Any ways, I would appreciate any feedback or advice you are able to give. As I said, the the online research I have done it is not looking to good. 

Thanks in advance.


----------



## mhjett (Oct 16, 2000)

Could be the timing chain, see what the shop says. Tough for anyone on here to tell what actually happened without looking at the car. Post an update when you hear.

Some early 2.5s had early failures and some go forever without issues (I just saw a post in another thread with someone who had almost 200k on an '05.5 2.5 with no issues).


----------



## [email protected] (Feb 3, 2014)

This seems to be more common in early 06 2.5s. The issue was somewhat fixed in the following years and then redesigned for the MK6 I believe.


----------



## BrendonA (Feb 27, 2012)

mhjett said:


> Could be the timing chain, see what the shop says. Tough for anyone on here to tell what actually happened without looking at the car. Post an update when you hear.
> 
> Some early 2.5s had early failures and some go forever without issues (I just saw a post in another thread with someone who had almost 200k on an '05.5 2.5 with no issues).


Yeah it really is hard to say what the issue is without taking the time to diagnose it.
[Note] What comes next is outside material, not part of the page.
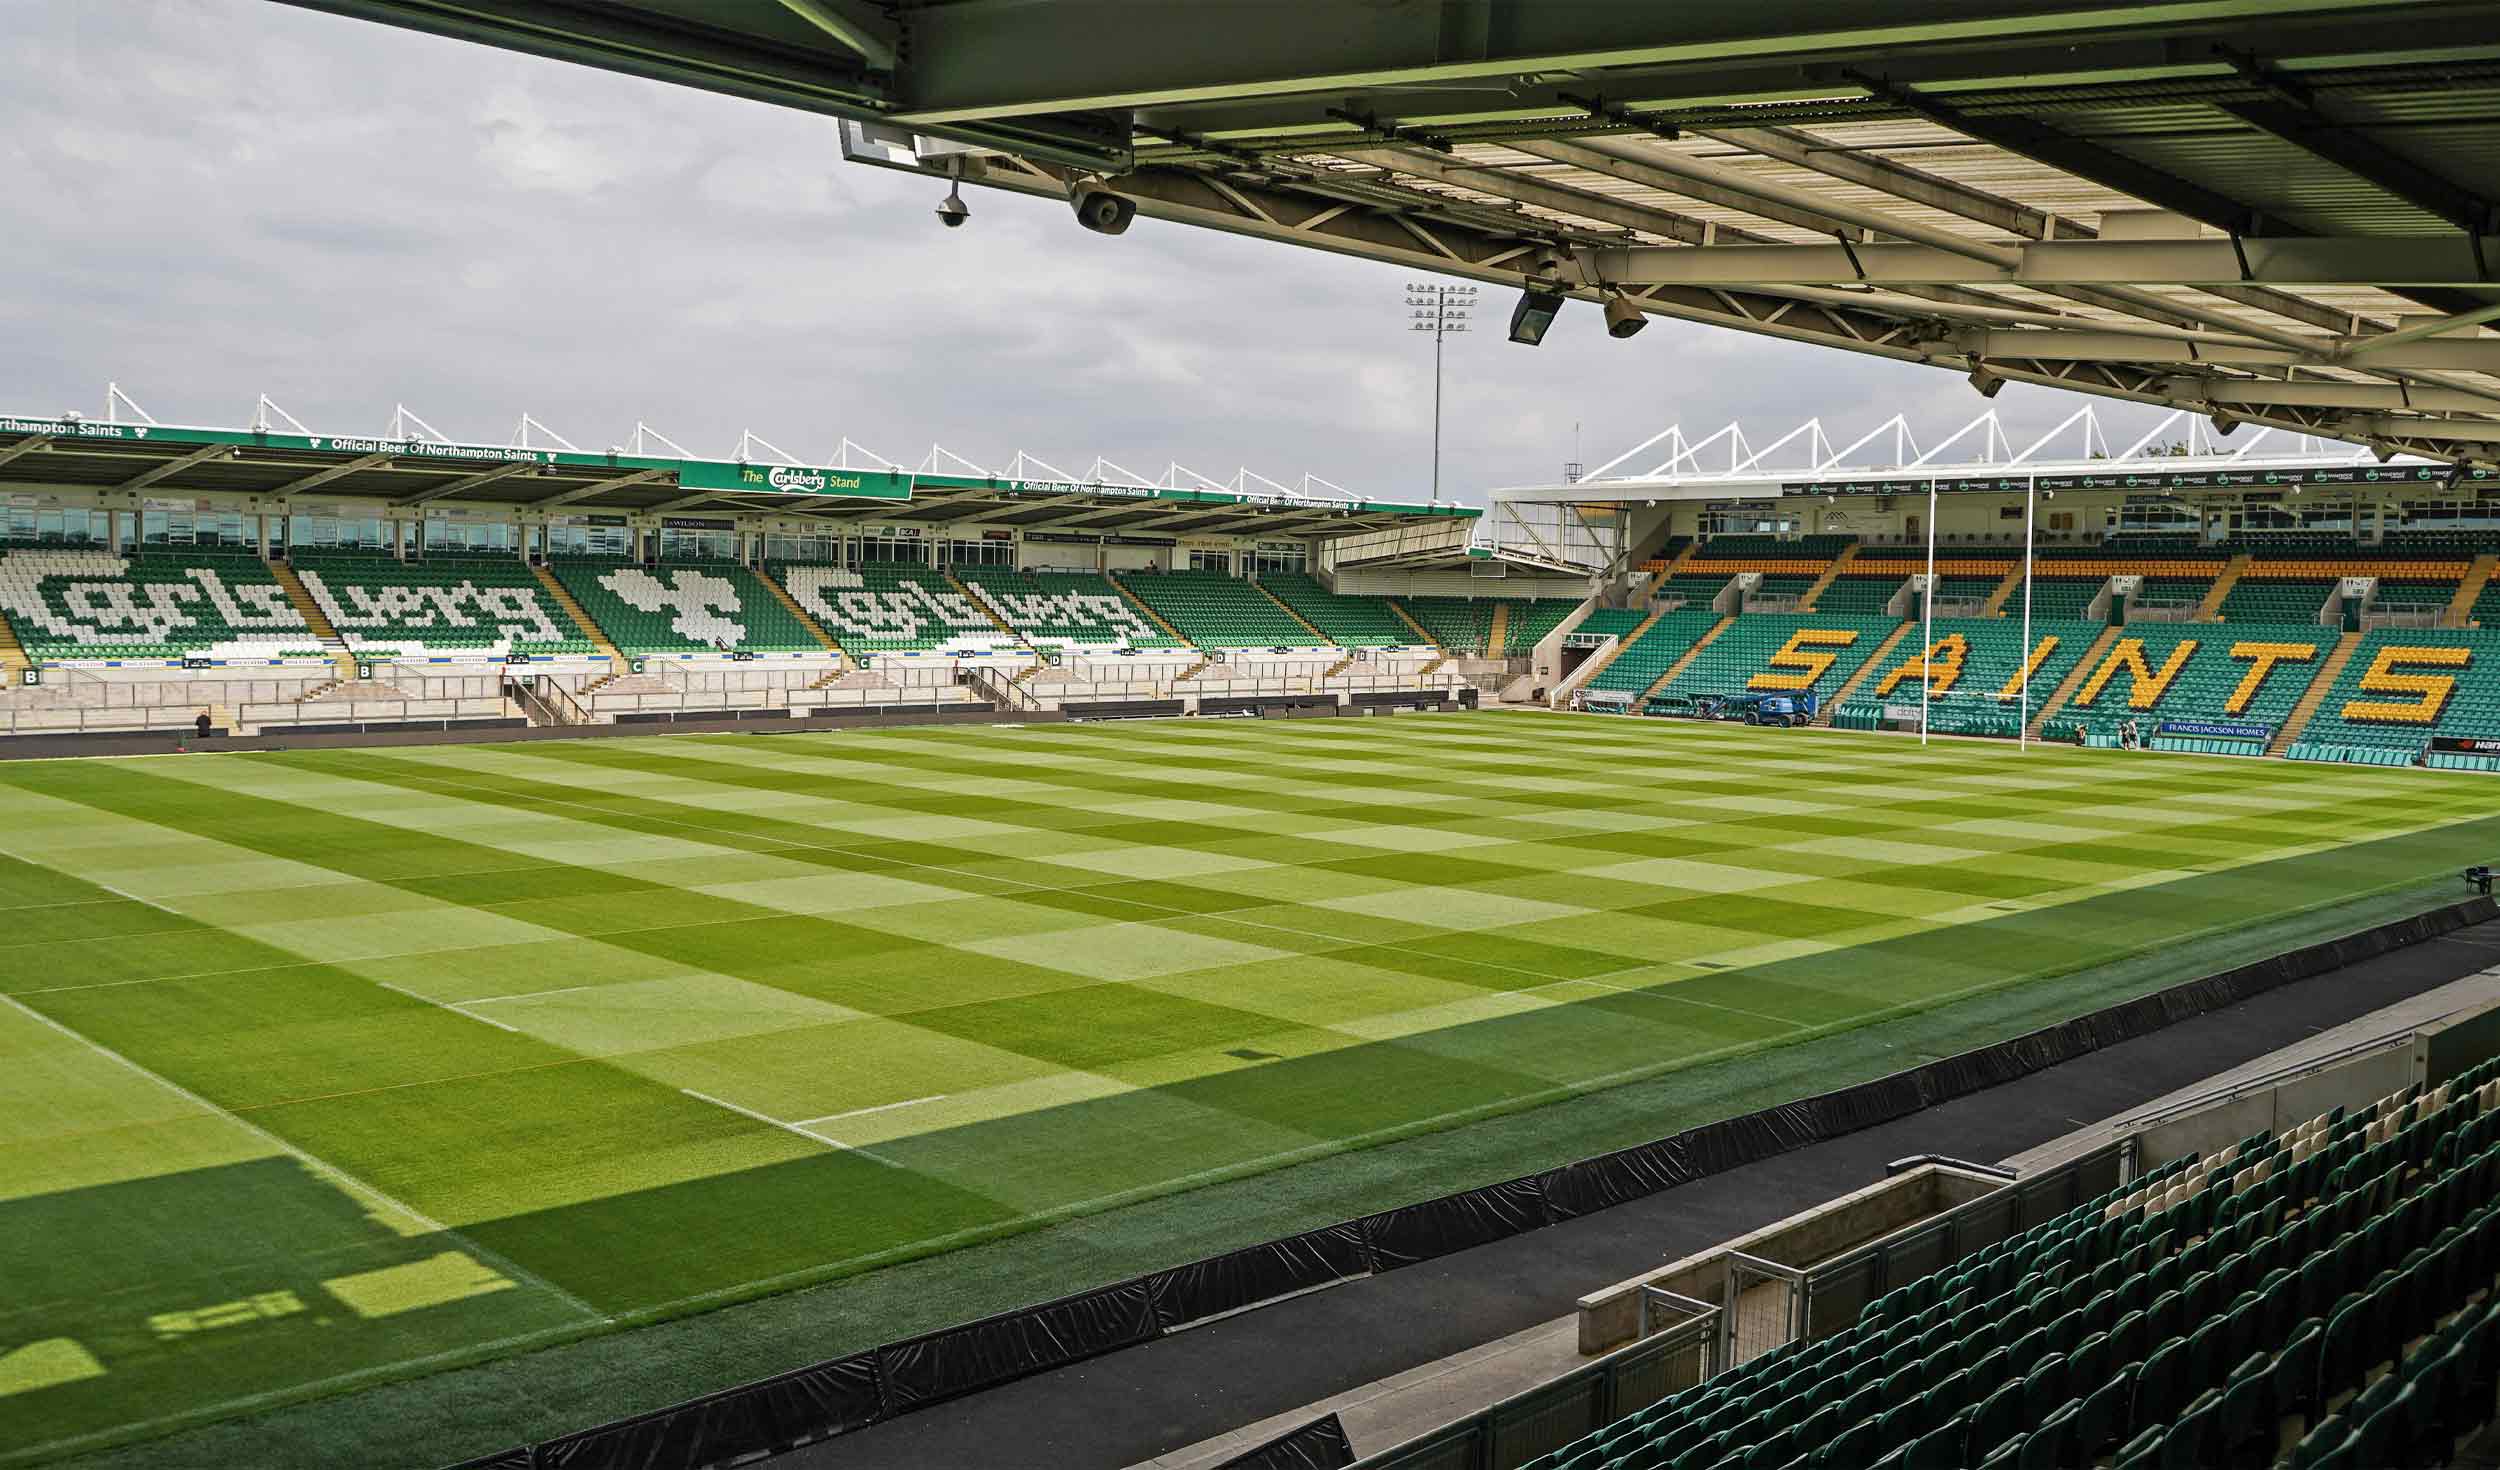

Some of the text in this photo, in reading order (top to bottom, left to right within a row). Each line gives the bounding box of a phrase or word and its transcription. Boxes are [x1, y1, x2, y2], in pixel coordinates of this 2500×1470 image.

Unfortunately they live a couple hours away from me so we will have to await the shops diagnosis. I was just reading today that the upper chain seems to be the biggest issue, the tensioner fails and guides wear prematurely cause to much slack in the chain, most people end up replacing both upper and lower at that point. 

I will be sure to post the diagnosis once I hear from them, I sure hope this is not going to be the problem.



[email protected] said:


> This seems to be more common in early 06 2.5s. The issue was somewhat fixed in the following years and then redesigned for the MK6 I believe.
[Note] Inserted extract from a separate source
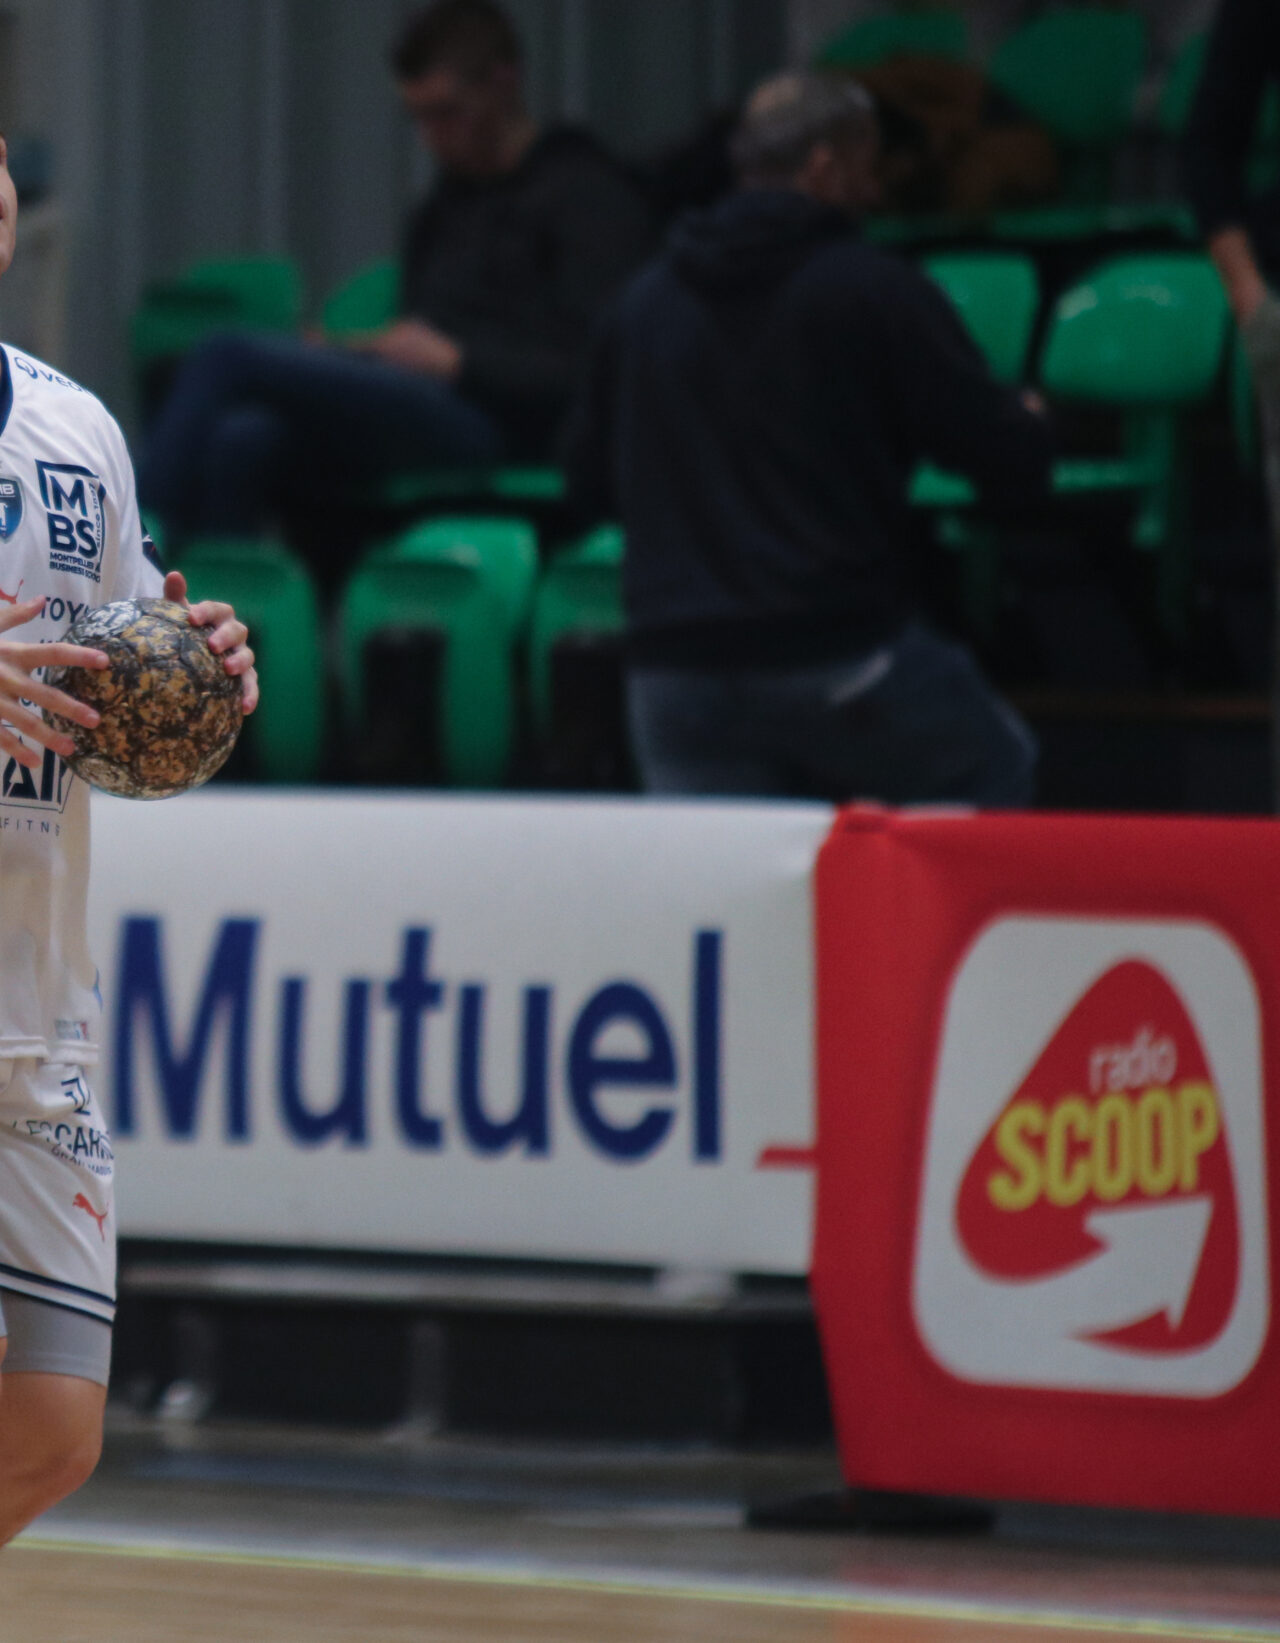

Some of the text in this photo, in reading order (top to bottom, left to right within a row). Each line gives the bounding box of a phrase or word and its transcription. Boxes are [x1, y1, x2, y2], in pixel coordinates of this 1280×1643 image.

Yes I have noticed '05-06 models typically have the issue. Apparently the tensioner was redesigned in '07 or 08 I do believe and that is the part they now supply for the earlier years as a repair.


----------



## BrendonA (Feb 27, 2012)

Well the update on my sisters car confirms my thoughts, according to the shop the car is at right now their report is that timing chain broke and destroyed the engine $3,500 - $5,000 to replace the motor. They pulled the head and say that is not even worth salvaging, too much damage. So clearly the 2.5 engine produced in '05-06 is a piece of crap and nothing more then a fancy boat anchor, so much for building a quality car VW. Pretty sad when a '97 Cavalier 2.4 engine can outlast a VW...that certainly does not instill much confidence for me. 

If there is anyone in the Toronto area who could recommend someone or a shop that would be able to swap the engine please let me know asap.


----------



## HelloMyNameIs (Aug 2, 2011)

So this was completely sudden, out of the blue? I thought there were obvious signs leading to chain skip & subsequent catastrophic head failure...like your motor sounding like can of marbles and a CEL from the tensioner. Kinda scary if that's the case.

FWIW, I know someone who owned late 90's cavalier...they would not agree with your statement lol


----------



## mhjett (Oct 16, 2000)

Yeah, prior to leaping to boat anchor conclusions I'd be interested in the full service history of your sister's car. If it was indeed properly maintained for all of those 77k miles then yes, there'd be something to get upset about.


----------



## BrendonA (Feb 27, 2012)

Everything was fine with the car Friday, Saturday they went to do errands and the car started then quit almost right away and would crank after that but not fire. No CEL or anything prior that I am aware of. I had just seen them the weekend prior and everything was fine.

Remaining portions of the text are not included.